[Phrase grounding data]
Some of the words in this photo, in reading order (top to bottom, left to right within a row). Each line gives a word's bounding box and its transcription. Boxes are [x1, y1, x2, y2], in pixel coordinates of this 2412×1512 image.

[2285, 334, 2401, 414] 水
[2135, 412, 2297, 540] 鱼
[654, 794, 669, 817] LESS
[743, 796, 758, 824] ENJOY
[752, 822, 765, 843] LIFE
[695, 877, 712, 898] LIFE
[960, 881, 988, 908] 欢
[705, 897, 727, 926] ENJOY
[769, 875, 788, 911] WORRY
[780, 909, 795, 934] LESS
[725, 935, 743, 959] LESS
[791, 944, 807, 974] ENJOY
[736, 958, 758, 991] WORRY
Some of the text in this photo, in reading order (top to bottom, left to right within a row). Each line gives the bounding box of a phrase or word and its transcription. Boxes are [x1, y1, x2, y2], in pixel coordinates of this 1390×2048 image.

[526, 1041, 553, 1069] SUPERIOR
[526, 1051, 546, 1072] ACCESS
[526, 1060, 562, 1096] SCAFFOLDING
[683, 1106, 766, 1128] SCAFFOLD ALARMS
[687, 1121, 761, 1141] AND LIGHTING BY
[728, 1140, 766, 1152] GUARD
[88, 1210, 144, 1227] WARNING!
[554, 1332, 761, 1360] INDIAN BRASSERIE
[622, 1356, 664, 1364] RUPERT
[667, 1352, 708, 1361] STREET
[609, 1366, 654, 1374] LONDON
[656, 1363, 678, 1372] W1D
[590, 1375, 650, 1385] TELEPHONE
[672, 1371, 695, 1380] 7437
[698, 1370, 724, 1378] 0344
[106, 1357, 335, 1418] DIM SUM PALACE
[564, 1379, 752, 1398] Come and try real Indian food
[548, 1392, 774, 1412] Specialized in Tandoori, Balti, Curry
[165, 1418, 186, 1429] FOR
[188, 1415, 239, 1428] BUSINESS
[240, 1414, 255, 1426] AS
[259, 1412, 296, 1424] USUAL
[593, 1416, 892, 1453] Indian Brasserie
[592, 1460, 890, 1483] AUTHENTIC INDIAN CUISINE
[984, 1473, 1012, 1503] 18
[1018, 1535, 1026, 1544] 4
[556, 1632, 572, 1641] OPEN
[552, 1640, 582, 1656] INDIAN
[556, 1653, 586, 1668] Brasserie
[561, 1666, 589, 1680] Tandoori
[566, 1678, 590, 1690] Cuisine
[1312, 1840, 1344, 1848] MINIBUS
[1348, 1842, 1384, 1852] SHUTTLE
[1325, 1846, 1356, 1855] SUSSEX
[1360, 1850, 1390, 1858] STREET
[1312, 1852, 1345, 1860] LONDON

* Aim of the task: Each entry given above is to be duplicated exactly.

* Response area:
Some of the words in this photo, in reading order (top to bottom, left to right within a row). Each line gives a word's bounding box and its transcription. Boxes are [x1, y1, x2, y2], in pixel coordinates of this 2412×1512 image.

[2285, 334, 2401, 414] 水
[2135, 412, 2297, 540] 鱼
[654, 794, 669, 817] LESS
[743, 796, 758, 824] ENJOY
[752, 822, 765, 843] LIFE
[695, 877, 712, 898] LIFE
[960, 881, 988, 908] 欢
[705, 897, 727, 926] ENJOY
[769, 875, 788, 911] WORRY
[780, 909, 795, 934] LESS
[725, 935, 743, 959] LESS
[791, 944, 807, 974] ENJOY
[736, 958, 758, 991] WORRY
Some of the text in this photo, in reading order (top to bottom, left to right within a row). Each line gives the bounding box of a phrase or word and its transcription. Boxes are [x1, y1, x2, y2], in pixel coordinates of this 1390×2048 image.

[526, 1041, 553, 1069] SUPERIOR
[526, 1051, 546, 1072] ACCESS
[526, 1060, 562, 1096] SCAFFOLDING
[683, 1106, 766, 1128] SCAFFOLD ALARMS
[687, 1121, 761, 1141] AND LIGHTING BY
[728, 1140, 766, 1152] GUARD
[88, 1210, 144, 1227] WARNING!
[554, 1332, 761, 1360] INDIAN BRASSERIE
[622, 1356, 664, 1364] RUPERT
[667, 1352, 708, 1361] STREET
[609, 1366, 654, 1374] LONDON
[656, 1363, 678, 1372] W1D
[590, 1375, 650, 1385] TELEPHONE
[672, 1371, 695, 1380] 7437
[698, 1370, 724, 1378] 0344
[106, 1357, 335, 1418] DIM SUM PALACE
[564, 1379, 752, 1398] Come and try real Indian food
[548, 1392, 774, 1412] Specialized in Tandoori, Balti, Curry
[165, 1418, 186, 1429] FOR
[188, 1415, 239, 1428] BUSINESS
[240, 1414, 255, 1426] AS
[259, 1412, 296, 1424] USUAL
[593, 1416, 892, 1453] Indian Brasserie
[592, 1460, 890, 1483] AUTHENTIC INDIAN CUISINE
[984, 1473, 1012, 1503] 18
[1018, 1535, 1026, 1544] 4
[556, 1632, 572, 1641] OPEN
[552, 1640, 582, 1656] INDIAN
[556, 1653, 586, 1668] Brasserie
[561, 1666, 589, 1680] Tandoori
[566, 1678, 590, 1690] Cuisine
[1312, 1840, 1344, 1848] MINIBUS
[1348, 1842, 1384, 1852] SHUTTLE
[1325, 1846, 1356, 1855] SUSSEX
[1360, 1850, 1390, 1858] STREET
[1312, 1852, 1345, 1860] LONDON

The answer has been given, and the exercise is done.